WHAT THIS TASK INVOLVES
Pictures stay out of your copy, but everything else in the records below must be repeated exactly.

————————

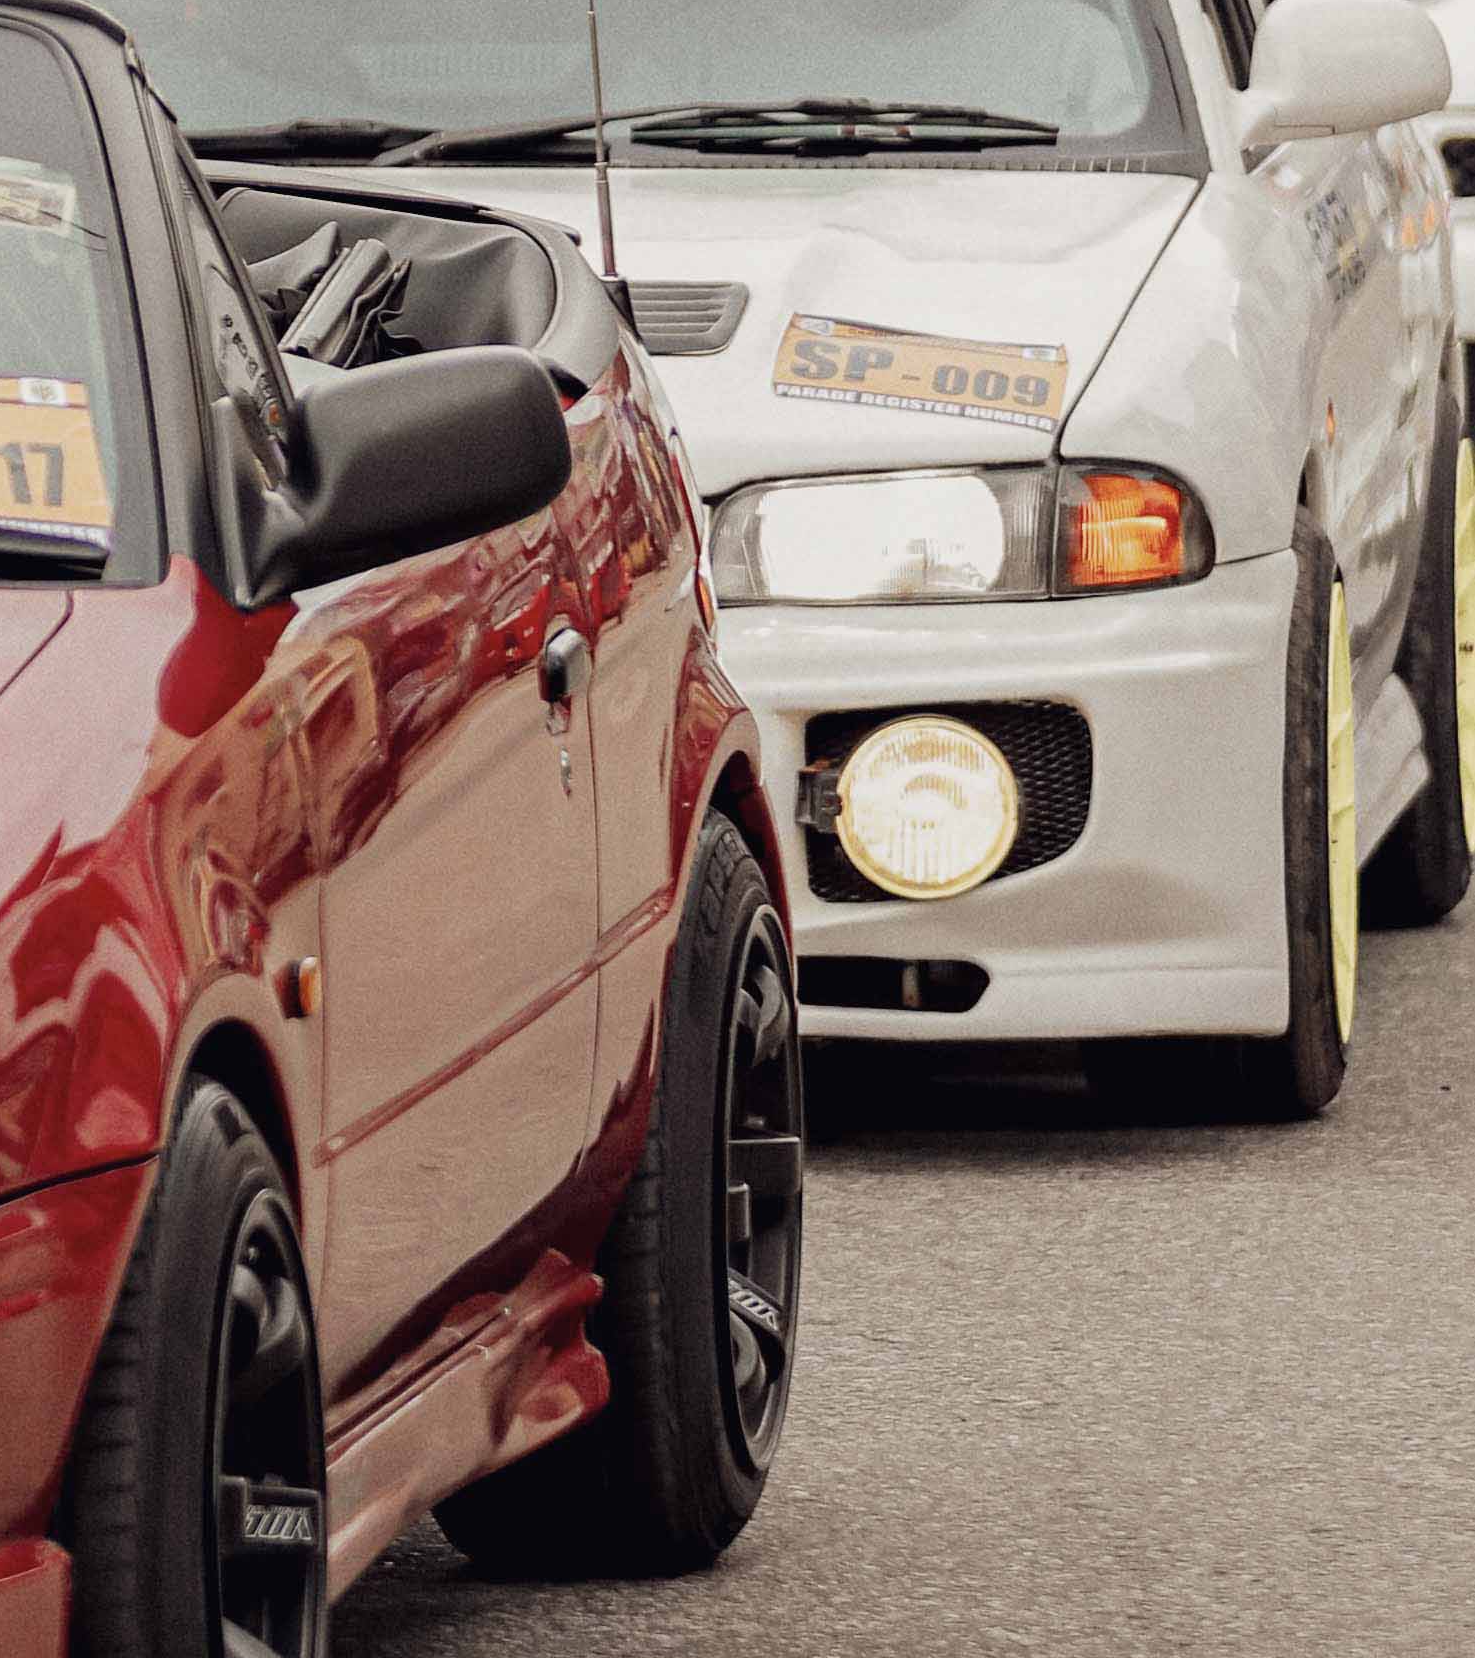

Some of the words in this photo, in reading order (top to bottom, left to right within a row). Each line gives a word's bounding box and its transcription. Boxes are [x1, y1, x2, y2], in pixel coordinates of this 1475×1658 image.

[776, 384, 859, 404] PARADE
[860, 391, 963, 417] REGISTER
[963, 404, 1054, 432] NUMBER
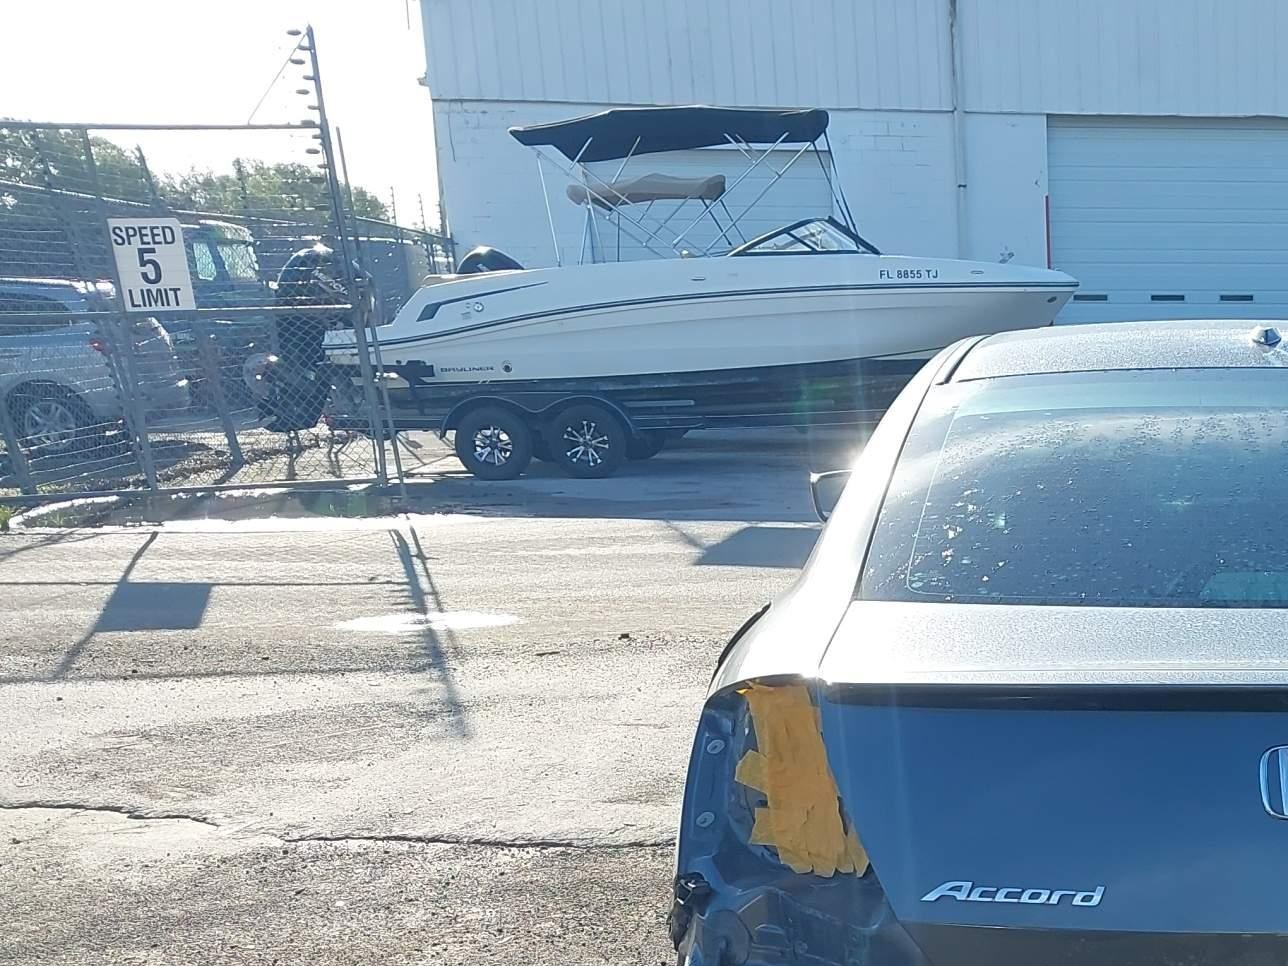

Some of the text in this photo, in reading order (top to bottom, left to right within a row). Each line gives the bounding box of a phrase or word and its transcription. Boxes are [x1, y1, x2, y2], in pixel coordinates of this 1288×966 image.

————————

YOUR RESPONSE
Some of the words in this photo, in reading order (top to bottom, left to right within a row). Each line gives a word's bounding box and its transcription. Boxes are [x1, y1, x2, y2], in pixel coordinates of this 1475×1658 image.

[776, 384, 859, 404] PARADE
[860, 391, 963, 417] REGISTER
[963, 404, 1054, 432] NUMBER

Some of the text in this photo, in reading order (top to bottom, left to right within a row). Each line gives the bounding box of a phrase or word and its transcription. Boxes are [x1, y1, x2, y2], in pixel coordinates of this 1288×966 image.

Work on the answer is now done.